1 Familial Cancer Centre, Peter MacCallum Cancer Centre , Melbourne, Australia .
2 Sir Peter MacCallum Department of Oncology, The University of Melbourne , Melbourne, Australia .
J Adolesc Young Adult Oncol. 2018 Oct;7(5):525-545. doi: 10.1089/jayao.2018.0028. Epub 2018 Jul 13.
Li-Fraumeni syndrome (LFS), a multiorgan cancer predisposition caused by germline TP53 mutations, confers significant cancer risks for young people (15-39 years). Yet evidence of how individuals experience this condition and the psychosocial implications are lacking. Therefore, this systematic review assessed the psychosocial implications of living with, or at risk of, an autosomal dominant condition as a young person, to draw evidence that may be analogous for young people with LFS.
We conducted a systematic search for studies published in peer-reviewed journals using Medline, CINAHL, PsycINFO, and Embase databases. Findings were synthesized and are reported thematically.
We screened 352 articles and identified 39 studies, representing the perspectives of 765 young people. Most studies addressed hereditary breast and ovarian cancer (n = 22) and used qualitative methodologies (n = 35). Only one LFS study was identified, highlighting the distinct lack of psychosocial research describing experiences of young people with LFS. Translatable evidence showed that familial factors strongly influenced young people's experiences of genetic testing and their mutation status. Major adverse reactions to genetic test results were rare, although young people with a gene mutation experienced various psychosocial concerns at key developmental milestones, including family planning, developing romantic relationships, and making risk management decisions.

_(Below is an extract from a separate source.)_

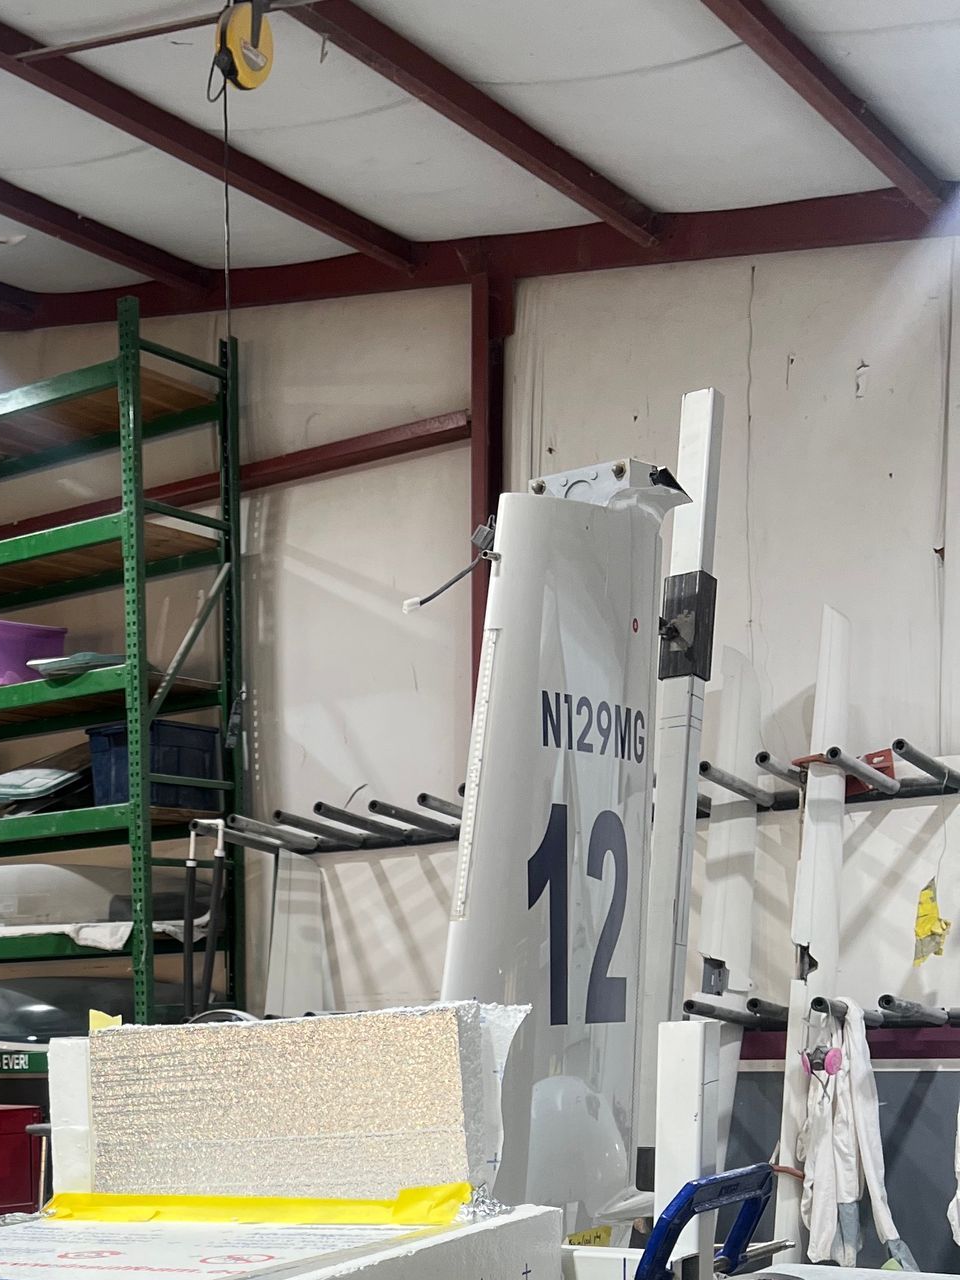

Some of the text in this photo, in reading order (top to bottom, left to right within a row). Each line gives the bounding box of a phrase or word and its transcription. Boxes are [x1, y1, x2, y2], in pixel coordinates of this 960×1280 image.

Young people undergoing genetic testing for inherited disease require individualized support and recognition of previous lived experiences. We recommend that longitudinal care be made available to young people with inherited disease as they reach developmental milestones that intersect with risk management, risk perception, and family formation.
李-佛美尼综合征(Li-Fraumeni syndrome,LFS)是一种由种系 TP53 突变引起的多器官癌症易感性疾病,会使年轻人(15-39 岁)面临重大的癌症风险。然而,人们对这种疾病的体验以及其心理社会影响的证据尚缺乏。因此,本系统评价评估了年轻人作为个体,在面临或有常染色体显性遗传疾病时的心理社会影响,以获得可能与 LFS 年轻人相似的证据。
我们使用 Medline、CINAHL、PsycINFO 和 Embase 数据库对同行评议期刊上发表的研究进行了系统搜索。对研究结果进行综合分析,并按主题进行报告。
我们筛选了 352 篇文章,确定了 39 项研究,代表了 765 名年轻人的观点。大多数研究涉及遗传性乳腺癌和卵巢癌(n=22),并采用定性方法(n=35)。仅确定了一项 LFS 研究,突出表明缺乏描述 LFS 年轻人经历的心理社会研究。可转化的证据表明,家族因素强烈影响了年轻人对基因检测及其突变状态的体验。虽然携带基因突变的年轻人在关键的发育里程碑上经历了各种心理社会问题,包括计划生育、发展浪漫关系和做出风险管理决策,但对基因检测结果的重大不良反应很少见。
对遗传性疾病进行基因检测的年轻人需要个体化的支持和对既往生活经历的认可。我们建议为患有遗传性疾病的年轻人提供纵向护理,因为他们会面临与风险管理、风险感知和家庭形成相交的发育里程碑。